In its latest attempt to curb shrinking membership, the Church of England has launched a "Back to Church Sunday" campaign to boost attendance in the pews this Sunday.
Since Monday, 200,000 invitations, aerial advertisements and podcasts have been distributed and launched in an unprecedented effort involving 2,000 churches. The campaign aims to encourage churchgoers to invite a friend, who has stopped attending church for whatever reason, "back to church."
"Millions of people remember and love church, but perhaps they've just drifted away for a while," said the head of the Church of England, Archbishop of Canterbury Dr. Rowan Williams, who supports the initiative. "Back to Church Sunday is a chance for church people to invite a friend to come back and see what they've been missing, and to help them reconnect with God in special services of welcome across England."
The initiative builds on research revealing the effectiveness of personal invitations. According to the Church of England, 6 percent of the adult population, or 3 million people, would come back to church if they received a personal invitation.
In addition to invites, churches are promoting the campaign with hundreds of balloons released across London, Essex, Derbyshire, Northamptonshire and Manchester to raise awareness of the Sunday event and weeklong radio and poster advertising in the region.
"People can get out of the habit of going to church but I am sure that church has a lot to offer people in 21st Century Britain – especially those considering questions about the purpose and meaning of life," said the Rt. Rev. David Urquhart, bishop of Birmingham.
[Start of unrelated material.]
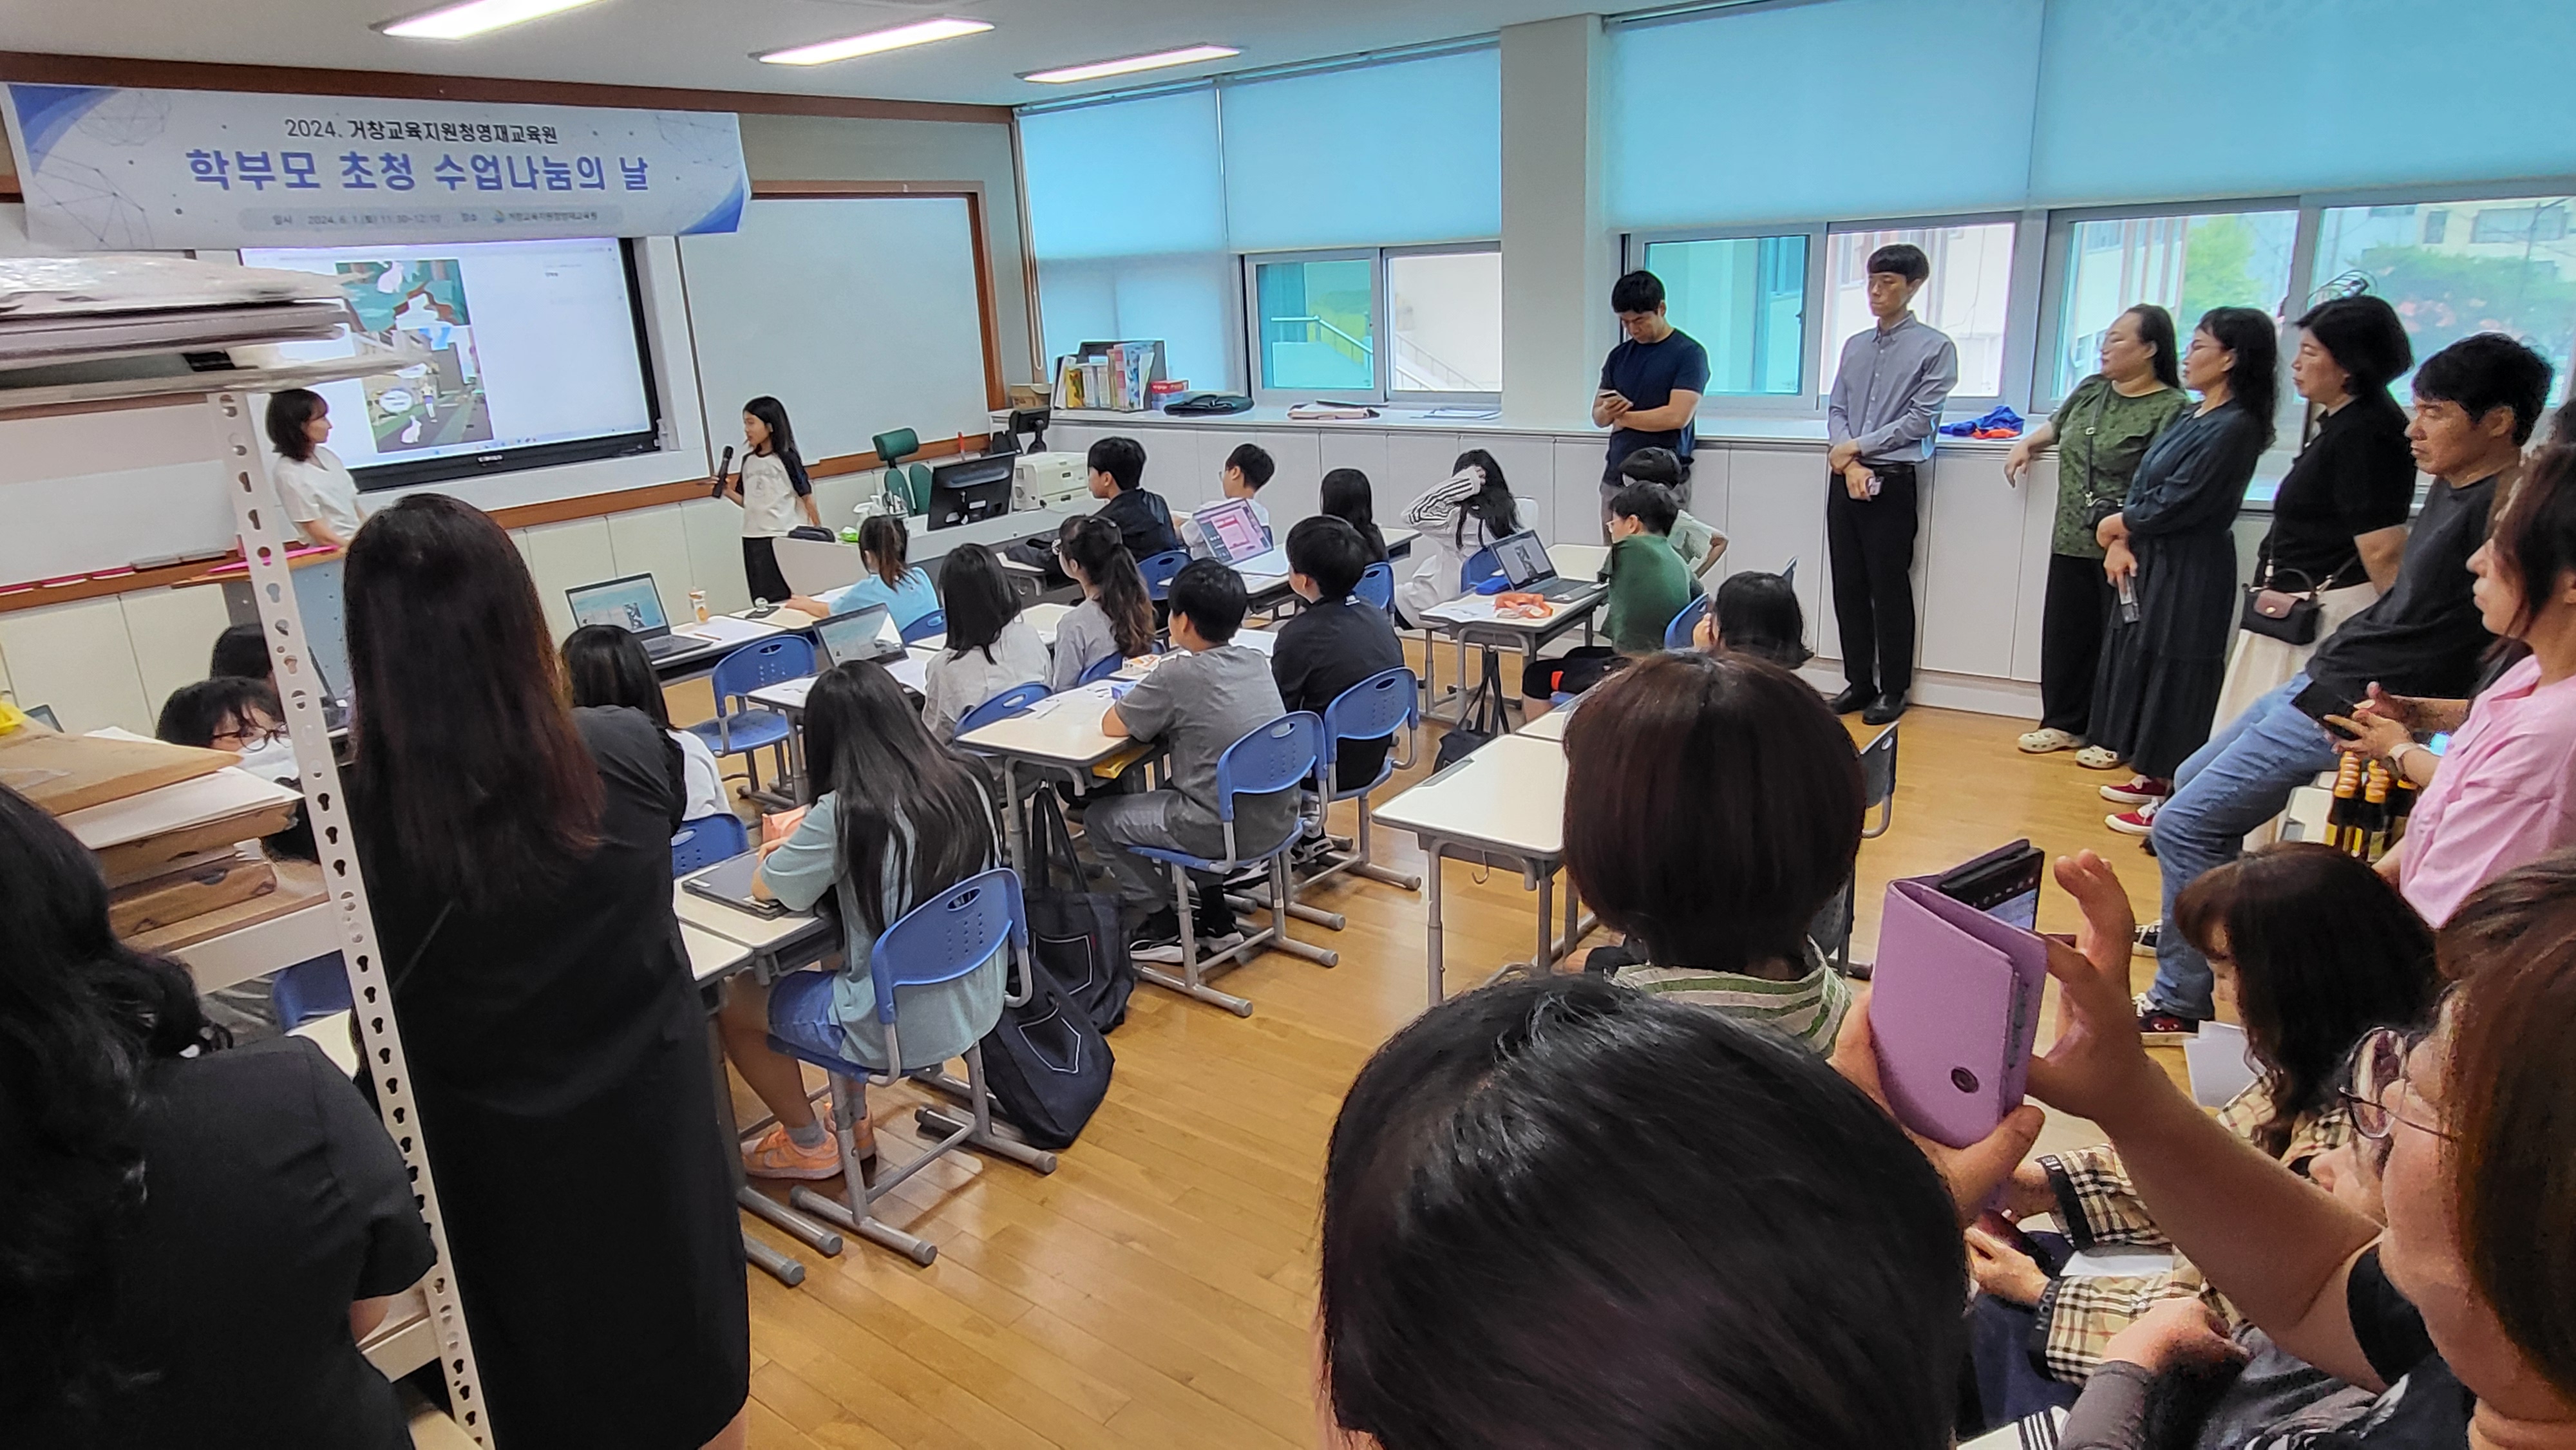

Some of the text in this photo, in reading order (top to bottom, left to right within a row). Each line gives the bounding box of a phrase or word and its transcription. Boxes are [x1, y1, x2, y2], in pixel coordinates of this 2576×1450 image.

[285, 118, 558, 144] 2024. 거창교육지원청영재교육원
[185, 149, 649, 191] 학부모 초청 수업나눔의 날
Back to Church Sunday follows an earlier initiative by the Church of England to draw more youth to the churches amid declining membership. Recognizing the potential of YouTube, Williams encouraged church leaders to post their sermons on the popular network to bring preaching to people where they are at.
The latest initiatives come as many churches in England have seen their membership fall steadily over the years. Congregations have continued to decrease at an alarming rate of 2.3 percent per year, according to the 2005 English Church Census.
Anticipating fuller pews on Sept. 30, churches have been preparing for special "open day" style services and improving their welcome techniques throughout the summer.
"The most important thing about Back to Church Sunday is ensuring that those returning to church get a truly warm welcome," said Canon Paul Bayes, the Church of England's National Mission and Evangelism Adviser, who believes the event is a key opportunity for churches. "Things like the length of services, the hymns and songs we sing and even the way we give out notices can all have an impact on the welcome people feel. It's also critical that churches think though what they can offer people who have made that brave step to come back. I hope many churches will be setting up an informal course explaining the Christian faith, or perhaps holding special lunches over the next weeks for returning worshippers to meet each other."
Back to Church Sunday was launched in 2004 by the Diocese of Manchester and has grown steadily to involve more dioceses. Organizers predict 20,000 people will return to church this Sunday.